For an age structured population, a <data.frame>
with two columns:
age_range
: a column with characters specifying the lower and upper bound of that age group, separated by a hyphen (-). Both bounds are inclusive (integers). For example, an age group of one to ten would be given as"1-10"
.proportion
: a column with the proportion of the population that are in that age group.

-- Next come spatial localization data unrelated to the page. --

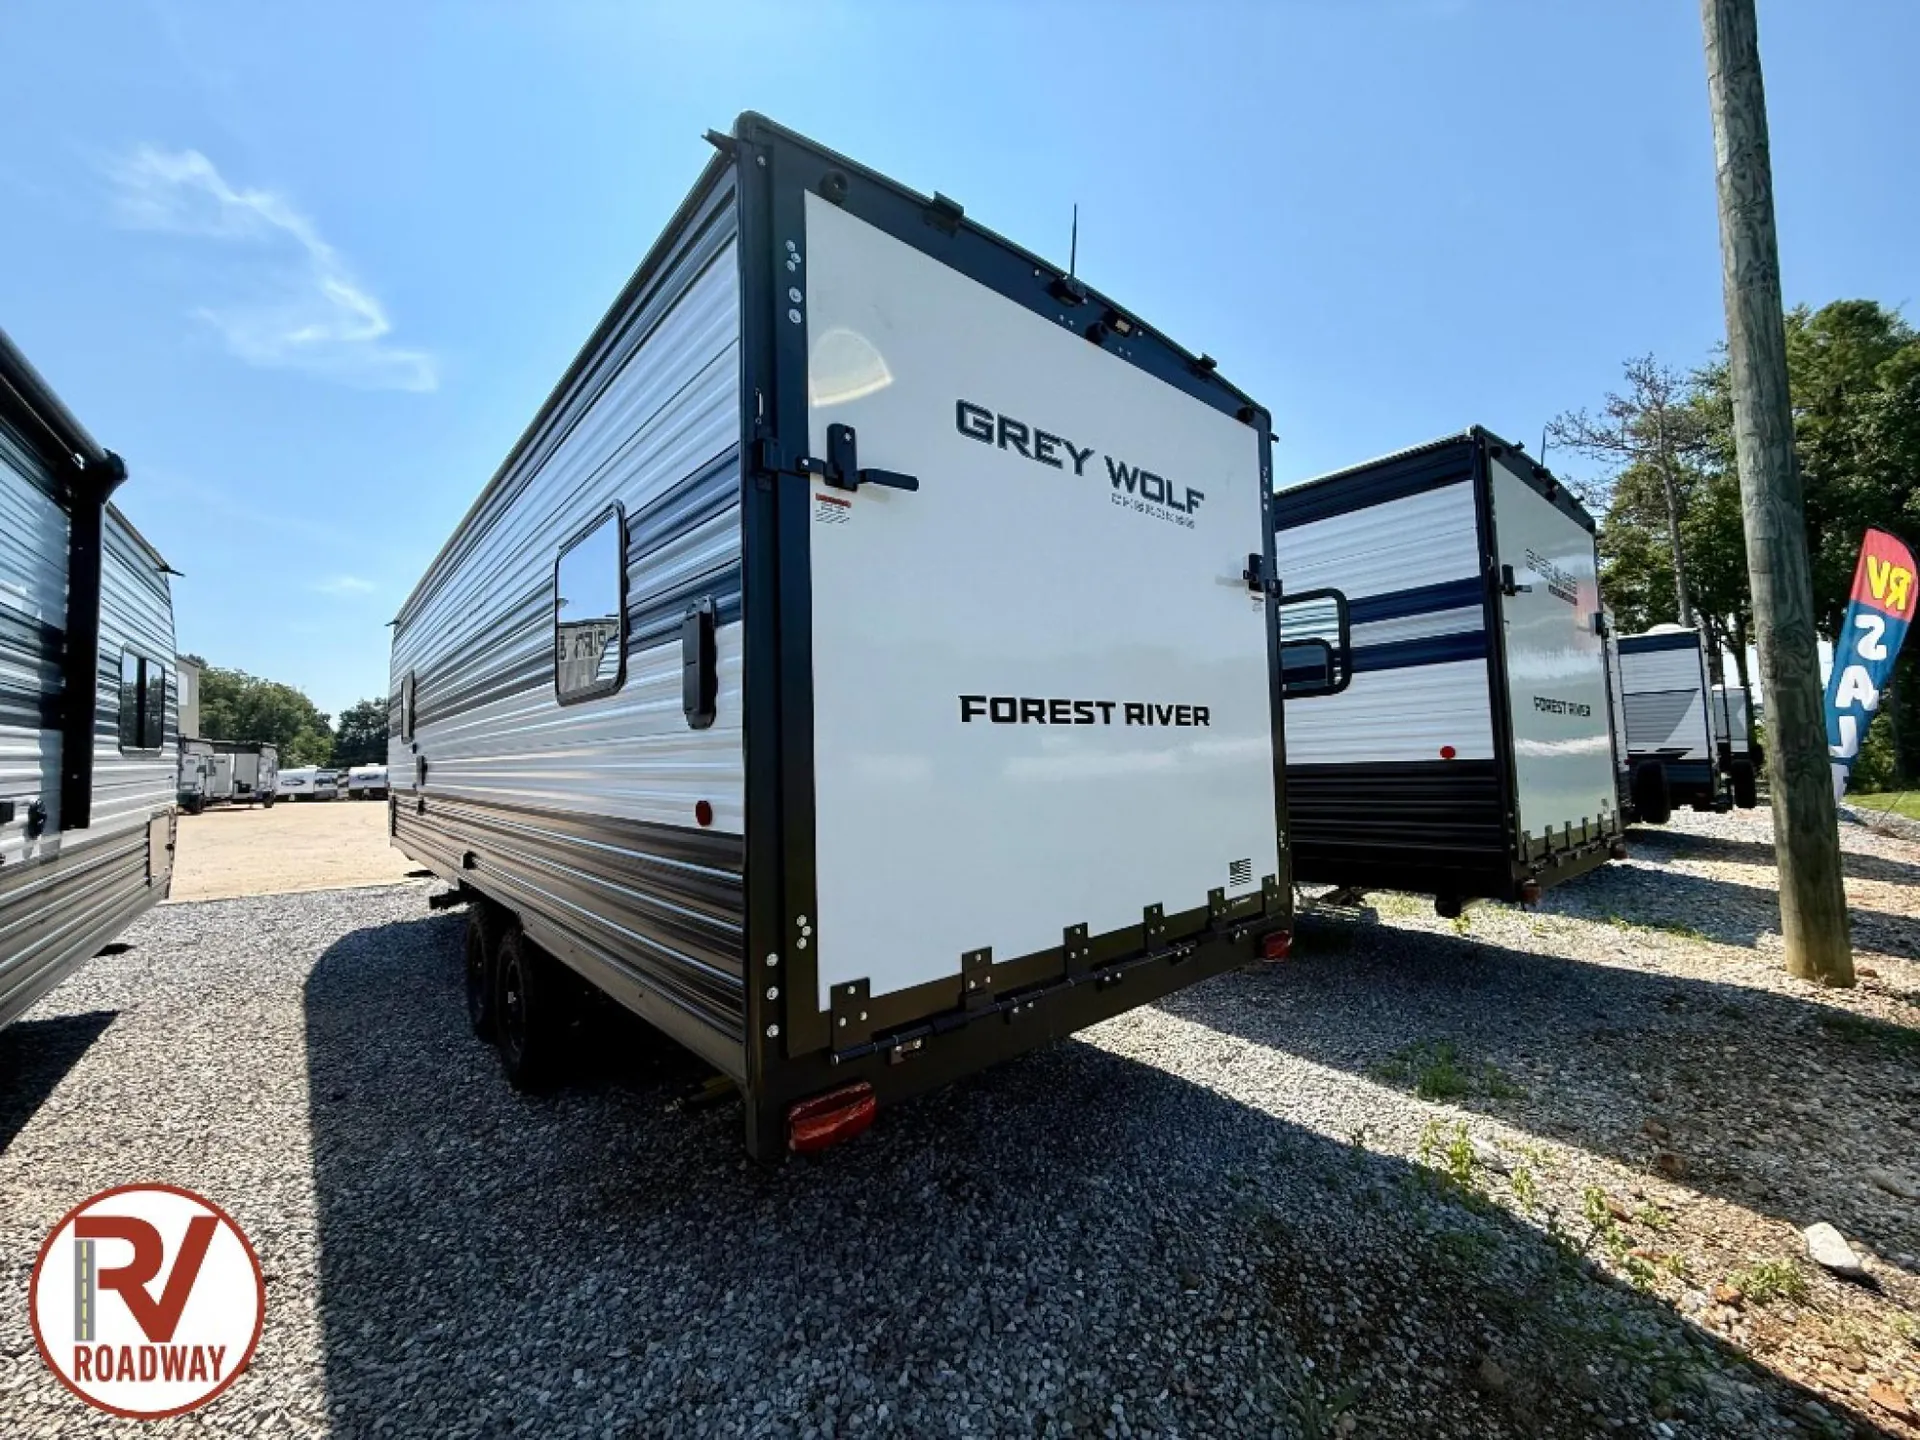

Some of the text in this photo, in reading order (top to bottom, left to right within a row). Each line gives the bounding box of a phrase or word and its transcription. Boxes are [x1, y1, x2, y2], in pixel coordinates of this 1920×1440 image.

[956, 399, 1204, 514] GREY WOLF
[958, 695, 1210, 727] FOREST RIVER
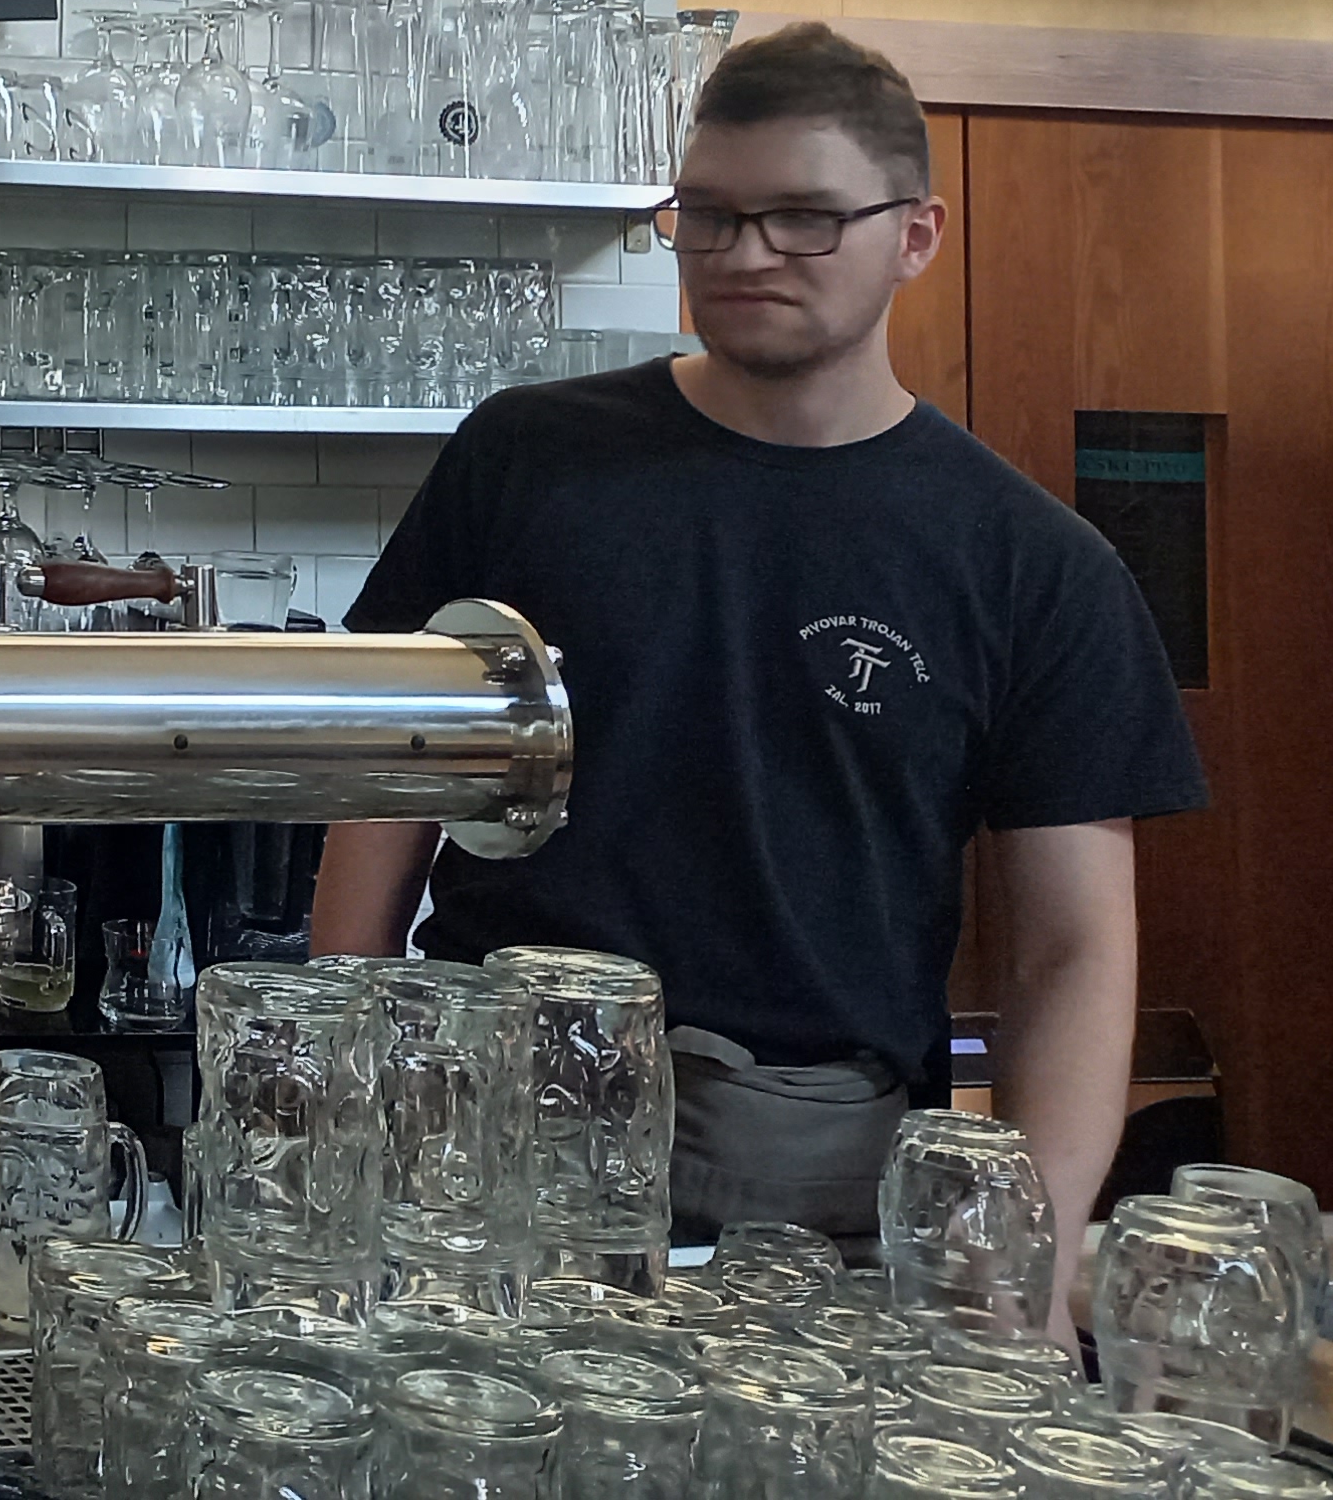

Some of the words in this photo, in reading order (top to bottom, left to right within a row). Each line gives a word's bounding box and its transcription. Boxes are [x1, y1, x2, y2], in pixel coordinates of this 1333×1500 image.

[799, 615, 857, 640] PIVOVAR
[860, 617, 912, 651] TROJAN
[909, 652, 930, 682] TELČ
[855, 702, 881, 715] 2017
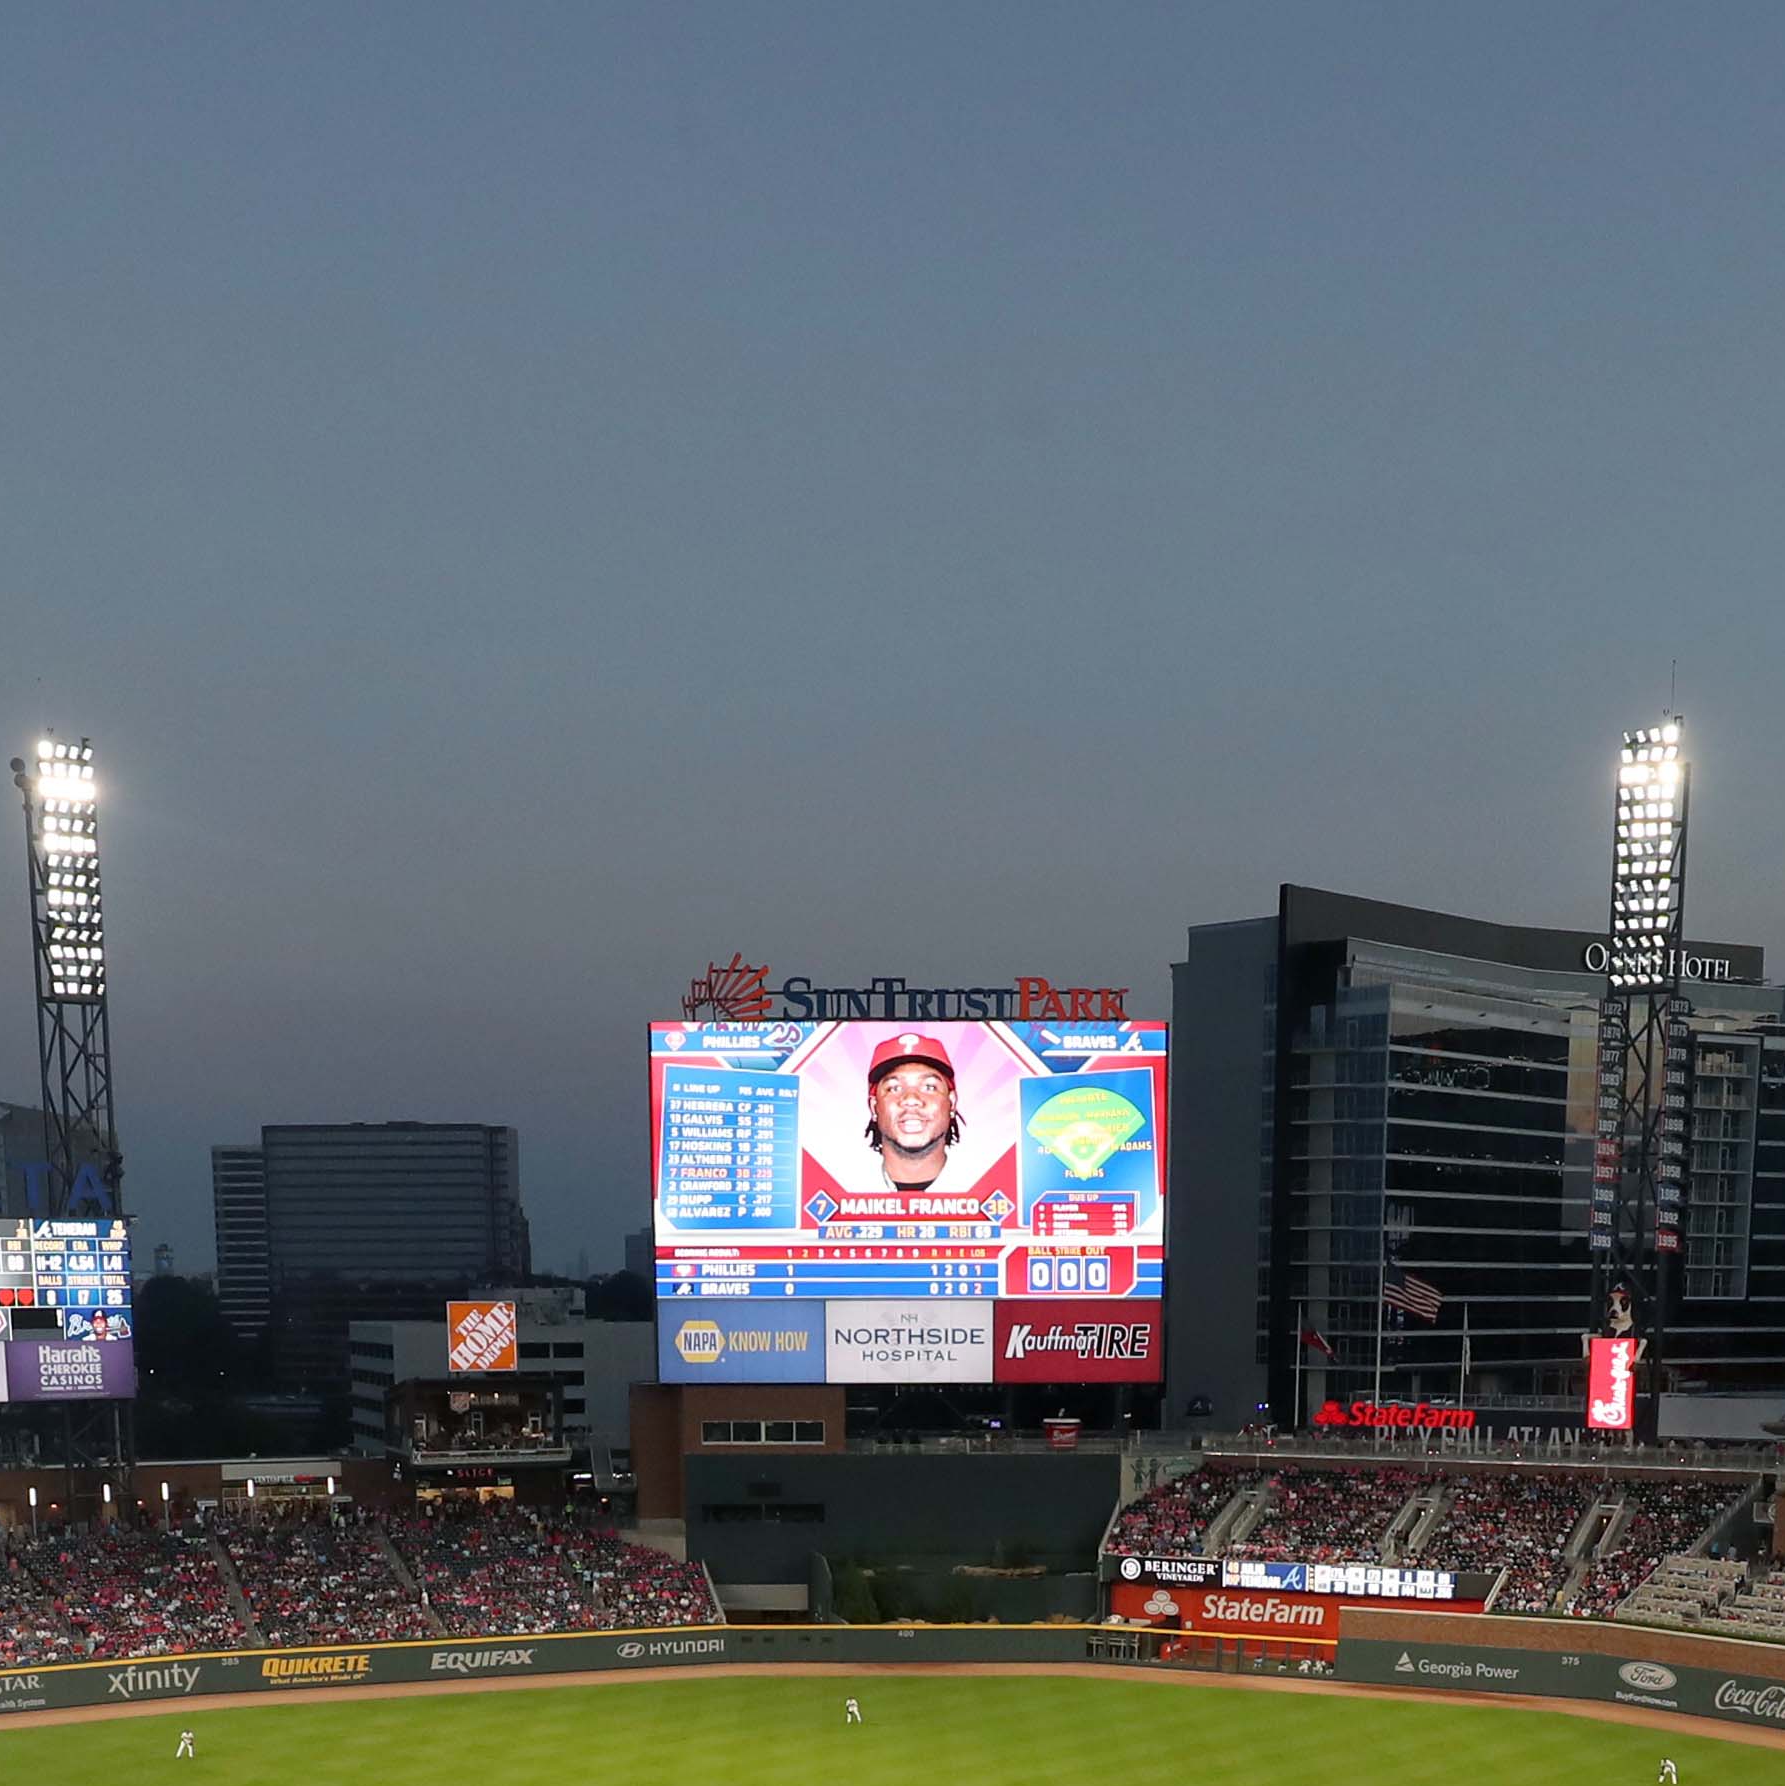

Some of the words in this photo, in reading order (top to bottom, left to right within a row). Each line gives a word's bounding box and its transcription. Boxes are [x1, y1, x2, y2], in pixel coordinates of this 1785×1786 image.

[1669, 949, 1732, 980] HOTEL
[702, 1035, 761, 1048] PHILLIES
[1062, 1035, 1117, 1048] BRAVES
[683, 1101, 733, 1112] HERRERA
[682, 1114, 723, 1125] GALVIS
[681, 1127, 734, 1138] WILLIAMS
[681, 1141, 732, 1152] HOSKINS
[680, 1154, 732, 1165] ALTHERR
[669, 1168, 677, 1178] 7
[680, 1168, 728, 1178] FRANCO
[680, 1181, 732, 1191] CRAWFORD
[679, 1194, 713, 1204] RUPP
[738, 1194, 747, 1204] C
[679, 1207, 731, 1218] ALVAREZ
[738, 1207, 747, 1217] P
[815, 1200, 828, 1215] 7
[840, 1199, 906, 1214] MAIKEL
[909, 1199, 980, 1215] FRANCO
[987, 1199, 1010, 1215] 3B
[826, 1225, 853, 1238] AVG
[855, 1226, 884, 1239] .229
[896, 1225, 915, 1238] HR
[948, 1225, 971, 1238] RBI
[1028, 1246, 1053, 1255] BALL
[1085, 1246, 1106, 1255] OUT
[36, 1255, 62, 1271] 11-12
[68, 1255, 95, 1271] 4.54
[701, 1264, 756, 1276] PHILLIES
[103, 1275, 126, 1286] TOTAL
[1032, 1262, 1050, 1287] 0
[1060, 1262, 1078, 1287] 0
[1088, 1262, 1106, 1287] 0
[700, 1283, 751, 1295] BRAVES
[78, 1290, 89, 1304] 17
[455, 1308, 484, 1337] THE
[450, 1302, 515, 1371] HOME
[683, 1332, 717, 1352] NAPA
[729, 1331, 771, 1352] KNOW
[775, 1331, 809, 1352] HOW
[835, 1328, 985, 1345] NORTHSIDE
[1005, 1325, 1099, 1359] Kauffman
[1075, 1324, 1151, 1358] TIRE
[38, 1346, 101, 1363] Harrah's
[475, 1326, 516, 1371] DEPOT
[862, 1350, 958, 1361] HOSPITAL
[40, 1364, 102, 1374] CHEROKEE
[40, 1375, 102, 1385] CASINOS
[1144, 1560, 1216, 1575] BERINGER
[1156, 1573, 1204, 1583] VINEYARDS
[649, 1639, 725, 1655] HYUNDAI
[261, 1654, 371, 1678] QUIKRETE
[430, 1649, 535, 1672] EQUIFAX
[1561, 1656, 1580, 1666] 375
[1418, 1659, 1472, 1678] Georgia
[1476, 1663, 1519, 1679] Power
[1630, 1667, 1663, 1685] Ford
[108, 1663, 201, 1698] xfinity
[17, 1696, 45, 1710] System

Proportions must sum to one.
Examples
# quickly simulate a line list using the function defaults
linelist <- sim_linelist()
head(linelist)
#> id case_name case_type sex age date_onset date_admission outcome
#> 1 1 Kelly Wesney probable f 45 2023-01-01 <NA> recovered
#> 2 2 Milton Brown confirmed m 84 2023-01-01 <NA> recovered
#> 3 7 David Rodgers probable m 47 2023-01-02 2023-01-04 recovered
#> 4 8 Rashaad el-Ozer probable m 34 2023-01-04 <NA> recovered
#> 5 9 Layaali el-Mahfouz confirmed f 71 2023-01-03 <NA> recovered
#> 6 10 Aaron Goldstein probable m 90 2023-01-02 <NA> recovered
#> date_outcome date_first_contact date_last_contact ct_value
#> 1 <NA> <NA> <NA> NA
#> 2 <NA> 2023-01-03 2023-01-06 22.5
#> 3 <NA> 2022-12-28 2023-01-02 NA
#> 4 <NA> 2023-01-04 2023-01-07 NA
#> 5 <NA> 2023-01-01 2023-01-03 22.9
#> 6 <NA> 2023-01-01 2023-01-05 NA
# to simulate a more realistic line list load epiparameters from
# {epiparameter}
library(epiparameter)
contact_distribution <- epiparameter(
disease = "COVID-19",
epi_name = "contact distribution",
prob_distribution = create_prob_distribution(
prob_distribution = "pois",
prob_distribution_params = c(mean = 2)
)
)
#> Citation cannot be created as author, year, journal or title is missing
infectious_period <- epiparameter(
disease = "COVID-19",
epi_name = "infectious period",
prob_distribution = create_prob_distribution(
prob_distribution = "gamma",
prob_distribution_params = c(shape = 1, scale = 1)
)
)
#> Citation cannot be created as author, year, journal or title is missing
# get onset to hospital admission from {epiparameter} database
onset_to_hosp <- epiparameter_db(
disease = "COVID-19",
epi_name = "onset to hospitalisation",
single_epiparameter = TRUE
)
#> Using Linton N, Kobayashi T, Yang Y, Hayashi K, Akhmetzhanov A, Jung S, Yuan
#> B, Kinoshita R, Nishiura H (2020). “Incubation Period and Other
#> Epidemiological Characteristics of 2019 Novel Coronavirus Infections
#> with Right Truncation: A Statistical Analysis of Publicly Available
#> Case Data.” _Journal of Clinical Medicine_. doi:10.3390/jcm9020538
#> <https://doi.org/10.3390/jcm9020538>..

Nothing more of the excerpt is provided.